Fractionation and Measurement of SS and SBE Activities in Developing Wheat Endosperm

Soluble proteins extracted from developing wheat endosperm at early stages of grain filling were separated by gel filtration chromatography to examine possible changes in aggregation state of specific enzyme activities involved in amylopectin biosynthesis. Measurements of the extractable catalytic activities of SS and SBE at early stages of endosperm development (6–9 DAP) following separation of protein extracts by gel filtration chromatography showed single, broad peaks of SS and SBE activities (Fig. 1, A and B). Both activities eluted from the gel filtration column in fractions with apparent molecular mass within the size range expected of monomeric forms of SBEII (approximately 88 kD) and of the SS isoforms SSI and SSII, which are approximately 75 and 85 kD, respectively. At later stages of endosperm development (10–15 DAP and later), there was a notable shift in the elution patterns of both SS and SBE activities, indicating an apparent increase in molecular mass or aggregation state of the enzymes contributing to these measured activities. At later stages of endosperm development, the total eluted SS and SBE activity was divided almost equally between an apparently high Mr peak of around 200 to 300 kD (termed HMW), as well as the peak originally observed at the earlier stages of endosperm development (6–9 DAP) with an apparently lower molecular mass, corresponding to the size of the monomeric proteins (termed LMW). Analysis of SS and SBE activities by gel filtration chromatography at later stages of endosperm development (beyond 15 DAP) showed essentially the same separation of peaks of SS and SBE activities as observed in Figure 1 at 10 to 15 DAP (data not shown).

Figure 1.
Separation of SBE and SS activities from developing wheat endosperm by gel filtration chromatography. Whole cell extracts were prepared from developing wheat endosperm at 6 to 9 DAP (solid line) and 10 to 15 DAP (broken line) and 3 to 5 mg soluble protein ...

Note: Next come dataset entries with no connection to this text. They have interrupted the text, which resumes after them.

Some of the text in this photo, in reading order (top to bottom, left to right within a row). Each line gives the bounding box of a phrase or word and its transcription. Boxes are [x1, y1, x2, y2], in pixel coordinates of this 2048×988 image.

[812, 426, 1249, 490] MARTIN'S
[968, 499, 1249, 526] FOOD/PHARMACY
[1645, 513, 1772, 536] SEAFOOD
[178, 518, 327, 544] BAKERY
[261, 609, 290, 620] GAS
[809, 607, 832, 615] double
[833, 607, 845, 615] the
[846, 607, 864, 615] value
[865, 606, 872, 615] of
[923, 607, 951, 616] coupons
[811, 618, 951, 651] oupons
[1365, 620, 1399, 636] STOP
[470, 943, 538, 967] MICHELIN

The results described above were obtained with whole cell homogenates. Similar results were also obtained when amyloplast lysates prepared from endosperm were separated by gel filtration chromatography and fractions assayed for SBE and SS activities (data not shown).

Analysis of the fractions (following gel filtration chromatography of whole cell extracts) by immunoblotting with anti-SBE antibodies (Fig. 1C) showed that both forms of SBEII (SBEIIa and SBEIIb) were responsible for the measured SBE activity in both LMW and HMW fractions and that SBEI was not expressed at the stages of endosperm development used in these experiments, consistent with previous findings (Morell et al., 1997). Immunoblots of the gel filtration column fractions developed with anti-SSI and anti-SSII antibodies indicated the presence of both these forms at early stages of development (6–9 DPA), which is consistent with the known patterns of SS gene expression in wheat (Li et al., 1999a) and in both the LMW and HMW peaks of activity at later stages of endosperm development (Fig. 1D).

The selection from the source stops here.